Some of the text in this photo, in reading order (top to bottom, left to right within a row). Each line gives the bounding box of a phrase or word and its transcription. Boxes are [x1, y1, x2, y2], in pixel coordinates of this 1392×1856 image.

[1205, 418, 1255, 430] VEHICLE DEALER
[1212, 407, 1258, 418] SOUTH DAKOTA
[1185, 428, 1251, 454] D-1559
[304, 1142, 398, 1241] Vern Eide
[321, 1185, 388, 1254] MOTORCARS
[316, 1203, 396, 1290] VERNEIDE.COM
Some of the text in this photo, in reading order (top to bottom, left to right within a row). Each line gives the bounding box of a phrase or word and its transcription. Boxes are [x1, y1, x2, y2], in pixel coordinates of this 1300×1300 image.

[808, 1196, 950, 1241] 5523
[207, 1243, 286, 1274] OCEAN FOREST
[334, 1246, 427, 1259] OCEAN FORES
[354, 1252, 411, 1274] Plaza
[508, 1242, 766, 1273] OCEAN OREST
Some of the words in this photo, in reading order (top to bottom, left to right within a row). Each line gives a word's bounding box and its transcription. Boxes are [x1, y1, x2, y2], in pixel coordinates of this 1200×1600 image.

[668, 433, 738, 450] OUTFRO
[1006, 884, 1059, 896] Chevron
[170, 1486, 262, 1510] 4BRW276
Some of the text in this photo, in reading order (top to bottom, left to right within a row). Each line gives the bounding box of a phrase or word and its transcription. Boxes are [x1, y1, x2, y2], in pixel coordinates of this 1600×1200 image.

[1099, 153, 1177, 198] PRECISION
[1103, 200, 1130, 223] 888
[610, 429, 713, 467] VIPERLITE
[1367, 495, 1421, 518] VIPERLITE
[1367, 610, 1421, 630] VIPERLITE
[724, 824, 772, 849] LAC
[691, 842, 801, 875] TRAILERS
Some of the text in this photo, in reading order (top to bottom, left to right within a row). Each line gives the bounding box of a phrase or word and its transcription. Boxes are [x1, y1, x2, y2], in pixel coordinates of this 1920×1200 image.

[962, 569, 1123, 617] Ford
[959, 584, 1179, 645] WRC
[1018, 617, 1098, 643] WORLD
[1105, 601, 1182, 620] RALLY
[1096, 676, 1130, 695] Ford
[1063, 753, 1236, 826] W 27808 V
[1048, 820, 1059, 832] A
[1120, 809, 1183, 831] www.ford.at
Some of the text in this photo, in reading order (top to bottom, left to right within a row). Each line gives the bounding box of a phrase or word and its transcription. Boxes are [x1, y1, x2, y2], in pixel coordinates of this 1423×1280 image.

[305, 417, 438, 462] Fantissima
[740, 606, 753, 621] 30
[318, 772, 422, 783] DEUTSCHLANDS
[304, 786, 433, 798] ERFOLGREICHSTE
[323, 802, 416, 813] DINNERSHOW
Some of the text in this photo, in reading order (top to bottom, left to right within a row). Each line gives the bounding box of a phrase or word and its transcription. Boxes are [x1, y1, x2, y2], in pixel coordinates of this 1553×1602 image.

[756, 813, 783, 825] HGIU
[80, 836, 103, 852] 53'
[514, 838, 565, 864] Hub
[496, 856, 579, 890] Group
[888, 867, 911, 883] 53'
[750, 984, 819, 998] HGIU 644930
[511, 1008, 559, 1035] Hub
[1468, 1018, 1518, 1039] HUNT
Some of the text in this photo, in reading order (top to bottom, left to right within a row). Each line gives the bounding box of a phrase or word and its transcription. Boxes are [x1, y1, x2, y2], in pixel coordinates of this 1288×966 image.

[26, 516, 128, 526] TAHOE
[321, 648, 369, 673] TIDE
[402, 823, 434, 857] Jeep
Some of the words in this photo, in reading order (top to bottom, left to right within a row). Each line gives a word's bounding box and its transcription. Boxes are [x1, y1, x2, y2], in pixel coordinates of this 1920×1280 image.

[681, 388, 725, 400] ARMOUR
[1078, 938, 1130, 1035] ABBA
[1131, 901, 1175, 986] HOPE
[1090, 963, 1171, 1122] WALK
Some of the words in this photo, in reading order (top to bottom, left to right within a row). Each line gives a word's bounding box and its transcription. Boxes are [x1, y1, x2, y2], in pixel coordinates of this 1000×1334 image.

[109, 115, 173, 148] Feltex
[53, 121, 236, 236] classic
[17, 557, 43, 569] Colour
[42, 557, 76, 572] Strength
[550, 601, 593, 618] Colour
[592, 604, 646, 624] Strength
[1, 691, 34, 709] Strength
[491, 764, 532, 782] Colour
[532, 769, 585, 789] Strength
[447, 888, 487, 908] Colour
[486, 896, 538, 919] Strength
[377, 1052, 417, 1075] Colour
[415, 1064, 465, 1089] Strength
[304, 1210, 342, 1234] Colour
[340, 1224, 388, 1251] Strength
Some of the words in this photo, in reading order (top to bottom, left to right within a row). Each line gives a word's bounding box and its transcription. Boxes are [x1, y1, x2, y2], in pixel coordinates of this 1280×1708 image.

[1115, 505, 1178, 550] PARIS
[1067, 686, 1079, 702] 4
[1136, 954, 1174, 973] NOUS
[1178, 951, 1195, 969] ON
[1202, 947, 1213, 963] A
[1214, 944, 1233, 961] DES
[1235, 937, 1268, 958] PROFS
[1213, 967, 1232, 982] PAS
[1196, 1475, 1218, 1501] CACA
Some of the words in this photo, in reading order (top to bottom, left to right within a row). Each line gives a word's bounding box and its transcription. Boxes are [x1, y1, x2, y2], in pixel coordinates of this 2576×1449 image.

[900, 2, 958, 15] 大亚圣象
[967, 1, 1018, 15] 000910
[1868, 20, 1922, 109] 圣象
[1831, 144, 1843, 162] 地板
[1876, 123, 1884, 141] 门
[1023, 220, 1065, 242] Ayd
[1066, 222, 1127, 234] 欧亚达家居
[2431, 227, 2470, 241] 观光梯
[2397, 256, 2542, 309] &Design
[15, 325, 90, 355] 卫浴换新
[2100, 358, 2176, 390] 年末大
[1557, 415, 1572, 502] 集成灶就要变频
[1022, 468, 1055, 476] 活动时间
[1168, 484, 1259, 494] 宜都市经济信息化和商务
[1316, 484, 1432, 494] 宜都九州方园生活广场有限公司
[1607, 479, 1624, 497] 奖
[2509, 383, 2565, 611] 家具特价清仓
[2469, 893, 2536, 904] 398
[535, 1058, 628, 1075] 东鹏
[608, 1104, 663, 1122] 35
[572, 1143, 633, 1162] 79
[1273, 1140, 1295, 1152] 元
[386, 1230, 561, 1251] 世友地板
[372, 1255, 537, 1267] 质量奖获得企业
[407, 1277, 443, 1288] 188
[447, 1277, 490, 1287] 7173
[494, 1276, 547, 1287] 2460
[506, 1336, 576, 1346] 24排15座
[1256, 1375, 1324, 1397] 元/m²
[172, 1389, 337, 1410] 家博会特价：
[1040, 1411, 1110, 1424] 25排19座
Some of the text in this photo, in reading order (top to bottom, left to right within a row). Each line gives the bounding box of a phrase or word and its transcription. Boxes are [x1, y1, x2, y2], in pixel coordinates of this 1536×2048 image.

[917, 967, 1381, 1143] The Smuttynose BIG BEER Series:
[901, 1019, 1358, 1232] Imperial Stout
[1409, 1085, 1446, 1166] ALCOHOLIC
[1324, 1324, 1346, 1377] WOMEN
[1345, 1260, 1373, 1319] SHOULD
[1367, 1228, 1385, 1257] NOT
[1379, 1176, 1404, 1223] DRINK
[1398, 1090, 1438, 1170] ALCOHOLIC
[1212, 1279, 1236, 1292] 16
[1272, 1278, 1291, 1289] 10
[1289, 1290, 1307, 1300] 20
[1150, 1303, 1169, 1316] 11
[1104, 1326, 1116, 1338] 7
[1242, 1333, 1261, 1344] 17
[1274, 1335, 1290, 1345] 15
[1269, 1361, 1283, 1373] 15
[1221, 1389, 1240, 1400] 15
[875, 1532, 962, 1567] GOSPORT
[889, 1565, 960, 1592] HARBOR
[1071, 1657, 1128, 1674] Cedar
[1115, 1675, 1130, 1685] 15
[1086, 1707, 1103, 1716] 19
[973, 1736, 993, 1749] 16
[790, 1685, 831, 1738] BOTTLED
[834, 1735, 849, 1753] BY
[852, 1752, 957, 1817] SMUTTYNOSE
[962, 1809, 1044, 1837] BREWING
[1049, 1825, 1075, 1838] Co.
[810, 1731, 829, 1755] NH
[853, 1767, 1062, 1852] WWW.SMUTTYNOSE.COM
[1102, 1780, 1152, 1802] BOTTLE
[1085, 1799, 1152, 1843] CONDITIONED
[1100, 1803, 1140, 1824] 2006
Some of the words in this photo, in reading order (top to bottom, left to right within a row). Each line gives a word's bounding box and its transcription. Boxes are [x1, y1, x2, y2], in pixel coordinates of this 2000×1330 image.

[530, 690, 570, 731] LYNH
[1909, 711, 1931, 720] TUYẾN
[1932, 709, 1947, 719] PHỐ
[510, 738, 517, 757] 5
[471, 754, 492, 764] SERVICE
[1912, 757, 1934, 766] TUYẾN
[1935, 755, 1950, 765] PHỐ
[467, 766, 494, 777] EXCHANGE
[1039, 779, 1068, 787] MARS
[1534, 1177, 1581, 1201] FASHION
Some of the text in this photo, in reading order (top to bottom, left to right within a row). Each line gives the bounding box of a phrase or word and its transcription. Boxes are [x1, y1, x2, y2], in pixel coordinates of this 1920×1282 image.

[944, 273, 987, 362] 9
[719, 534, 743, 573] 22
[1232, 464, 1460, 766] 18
- - -
Write out exactly, and only, each line from the one with "this 1920×1282 image." down to the last line of the records above.

Some of the text in this photo, in reading order (top to bottom, left to right within a row). Each line gives the bounding box of a phrase or word and its transcription. Boxes are [x1, y1, x2, y2], in pixel coordinates of this 1920×1282 image.

[944, 273, 987, 362] 9
[719, 534, 743, 573] 22
[1232, 464, 1460, 766] 18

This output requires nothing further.